According to a second aspect of the invention, there is provided a method of training a machine learning model to provide a cost function for determining an arrangement of objects, the method comprising: obtaining a training data set, the training data set comprising a plurality of sets of data, each set of data representing an arrangement of objects in a scene and comprising data representing the objects and data representing the relative pose between the objects, wherein each set of data representing an arrangement of objects is associated with a cost value label indicative of the extent to which the arrangement differs from an optimum arrangement of the objects; and training the machine learning model, based on the training data set, to learn a cost function which, based on an input of data representing an arrangement of objects, outputs a cost value indicative of an extent to which the arrangement differs from an optimum arrangement. This may allow for the trained machine learning model to be provided.
Optionally, the method may comprise determining data representing an arrangement of objects different from one or more of the arrangements of objects in the obtained training data set; and including the determined data, and an associated cost value label that indicates the arrangement of objects represented by the data differs from an optimum arrangement, into the training data set. This may allow, for example, for ‘negative’ or otherwise ‘background’ examples to be generated during the training.
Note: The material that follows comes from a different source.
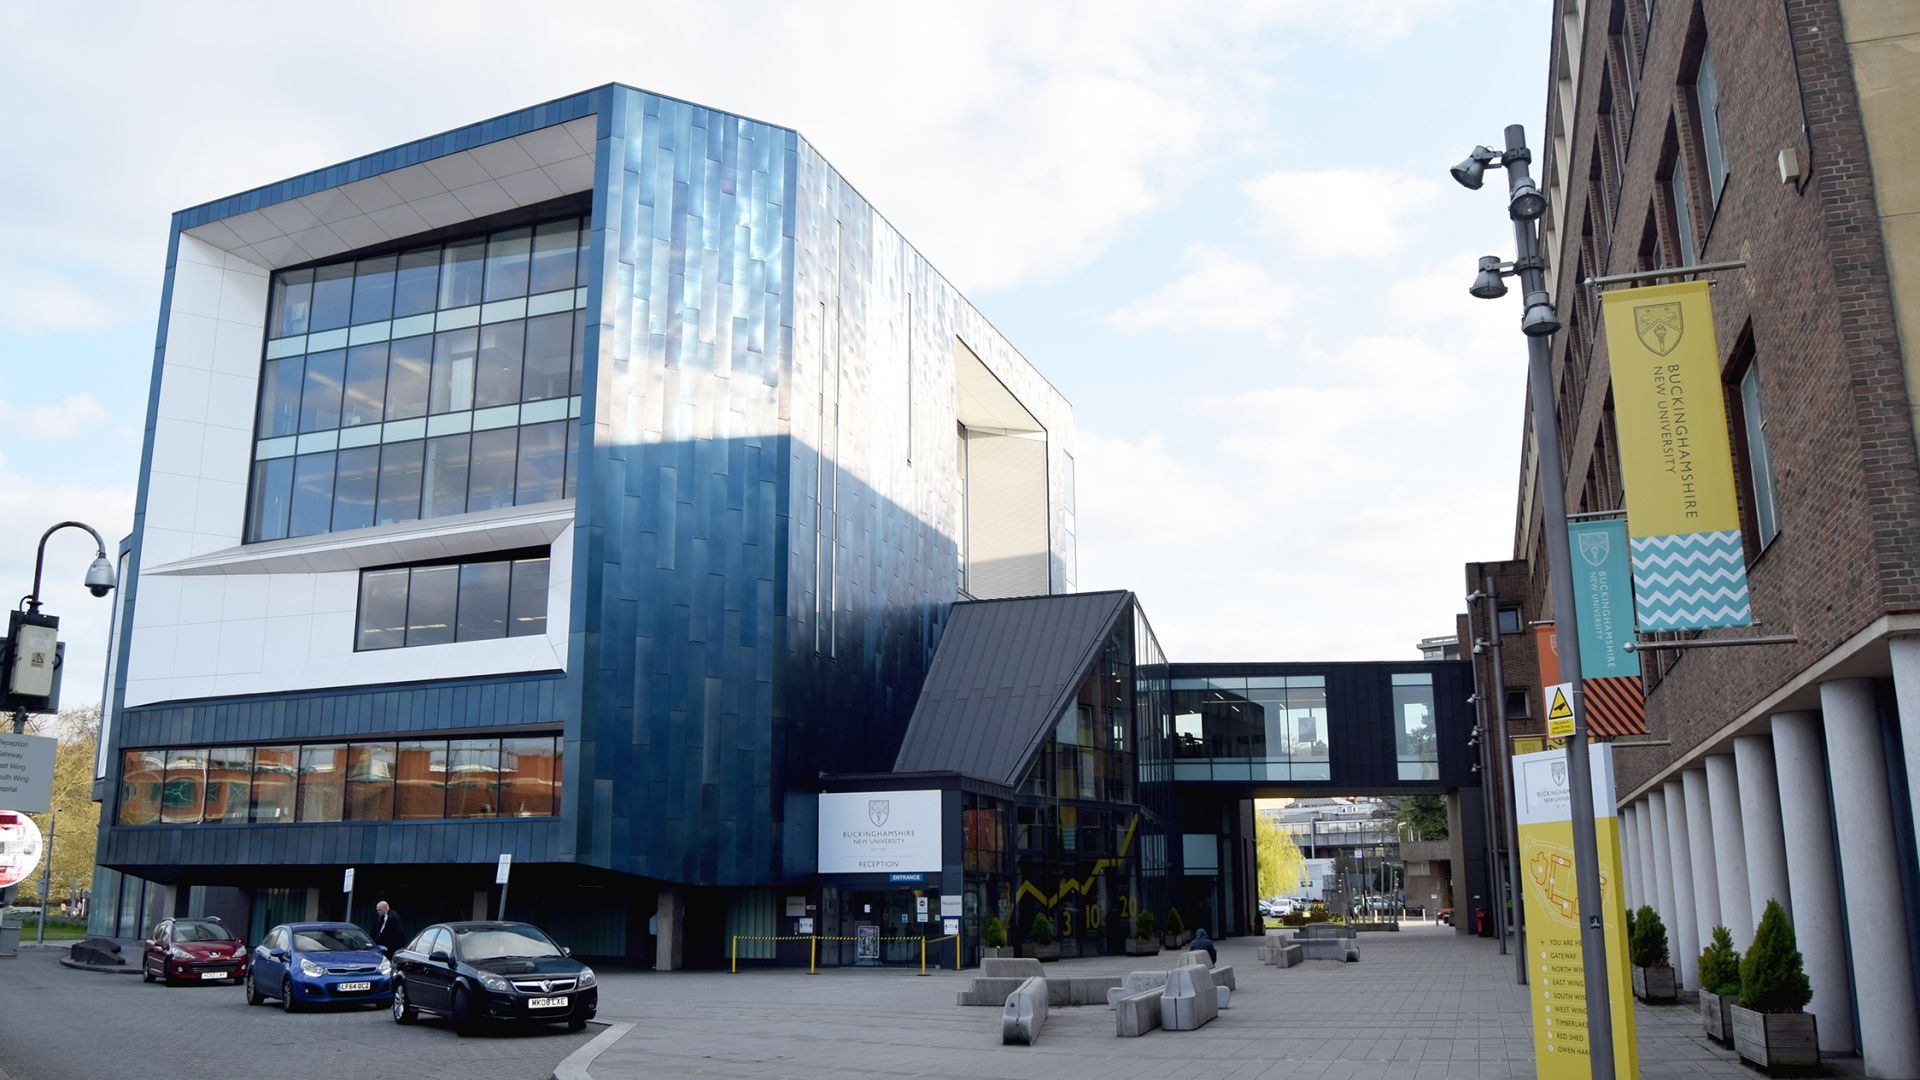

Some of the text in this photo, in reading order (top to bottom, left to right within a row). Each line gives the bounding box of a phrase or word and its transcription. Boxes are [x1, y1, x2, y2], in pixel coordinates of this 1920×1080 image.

Optionally, the training data set comprises a plurality of sets of graph data, each set of graph data representing a graph representing an arrangement of objects in a scene, the graph comprising nodes and edges connecting nodes, wherein each node represents a respective object and each edge represents a relative pose between two objects represented by two nodes that the edge connects, and wherein the machine learning model is a graph neural network. As has been described, graph neural networks may be well suited to learning object-object relations, and hence this may provide for a resource efficient and/or reliable way to train a machine learning model. Moreover, the graph data may provide a resource efficient way to generate ‘negative’ example used in the training of the machine learning model. For example, as mentioned above, negative training examples could be provided by generating counter example graphs (e.g. by modifying the graphs of one or more of the provided positive example arrangements), which may be more resource efficient than generating realistic images of untidy scenes, for example. Alternatively or additionally, this may help allow for the training to be conducted without human supervision or environment interaction, for example in an autonomous and/or semi-autonomous way.
According to a third aspect of the invention, there is provided an apparatus configured to perform the method according to the first aspect and/or the second aspect.
Optionally, the apparatus is a robot configured to move one or more of the objects of the scene. This may help to provide a robot that can autonomously or semi-autonomously tidy objects of the scene.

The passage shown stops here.